Heart of Darkness – Steve Pratt interviews co-artistic director Andrew Quick
Why is imitating the dog staging Heart of Darkness?
‘First of all, it’s a novel that we have often referred to when making our work. And what’s interesting about the novel is how much it has influenced other novels, and films – Apocalypse Now, for example. And the figure of Marlow, the man telling the story in Heart of Darkness, he appears in detective fiction as well. So, it’s a very important and influential novel but there are real problems with it, especially in its representation of Africa and the people who inhabit what was then called the Belgian Congo. This makes it a challenging novel but one of the ways we have approached our adaptation is to make our own struggle with Conrad’s writing a crucial part of the staging.’
What are you taking from the novel for your production?
‘It’s a period of time that we are very interested in. I think an important strand of our work has been making a series of contemporary history plays but the focus to date has been on the period around and just after World War Two. So, looking at an earlier part of British and global history has been a new development for us. We are taking some of the historical context from the original but re-imagining from our particular point of view. We take Conrad’s story of the river journey and reset it as a road journey across a devastated Europe and our Kurtz is not in the depths of the rain forest but in a bombed-out building on the edge of London. Our Marlow is not a sailor but a private detective from Kinshasa, and she’s a black woman, not a man. So, we are reversing or creating as parallel version based on Conrad’s original. We keep some of the plot and tone, but it is a radical re-imagining. And this story, which is used to create a live film which is projected above the stage action, is framed by our struggle to deal with the Conrad, a kind of witty and condensed version of our actual process – our journey into our heart of darkness, if you like, – the heart of darkness of its making.’
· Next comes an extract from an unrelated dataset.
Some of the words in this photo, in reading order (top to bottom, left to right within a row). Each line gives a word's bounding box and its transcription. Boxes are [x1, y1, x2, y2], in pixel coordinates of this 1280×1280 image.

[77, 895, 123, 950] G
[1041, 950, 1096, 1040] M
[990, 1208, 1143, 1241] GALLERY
How is imitating the dog approaching Conrad’s novel?
‘Well, as you can tell we are not being too reverential. But we are being respectful in many ways. Look, I think I can speak for the others when I say we like much of the novel but there are real problems in how it represents the victims of the colonialism it describes. It does not give them any kind of voice. And this is a profound problem that we have to deal with. On the other hand, Conrad seems to predict much of the horror of the twentieth century and observes how Europeans tested out their version of devastating capitalism and exploitation in the colonies before turning the lessons of this exploitation on themselves in the Europe and indeed in all other part of the world. So, we are dealing with the novel in a radical way, but one that we hope engages and entertains our audiences. I mean, we tell a great story and those who know the Conrad will see how it connects and those who don’t will hopefully go to the novel, if they’re interested, to see what the connections are. But you don’t have to know the novel to enjoy the show – you’ll just have a different experience.’
Will people recognise it as an imitating the dog production?
‘Yes, I think they will. It looks amazing and tells a vibrant, exciting story that will hold your attention. And the show deals with ideas – discusses them, which is another kind of storytelling. It uses live filmmaking and uses projection so it has our stamp on it, but I think it’s also taking us in a new and exciting direction.’
Who are imitating the dog’s audience?
‘We tour to mid-scale venues and are very aware that those audiences are very interested in the company. Because of our use of technology, we obviously appeal to a younger audience and students, but people my age – I am 58 – we are really interested in this age group as well. That’s what is exciting about middle scale touring – you can reach such a wide range of people. We want people to see our work because we feel that we have something important to say – I mean, why else would be doing it?’
Others have tried to translate Heart of Darkness to stage, film or television but not succeeded. Has imitating the dog cracked it?
‘Yes, there have been numerous attempts to adapt the novel. And many have been considered failures. So, we are aware of this history. It would be very arrogant to say we have cracked the novel because, well, it’s a very difficult novel to crack or indeed, pin down. All I can say is that I think we have been honest in our dealings with the novel and we have re-imagined it in a really exciting way. I look forward to seeing how audiences react to it.’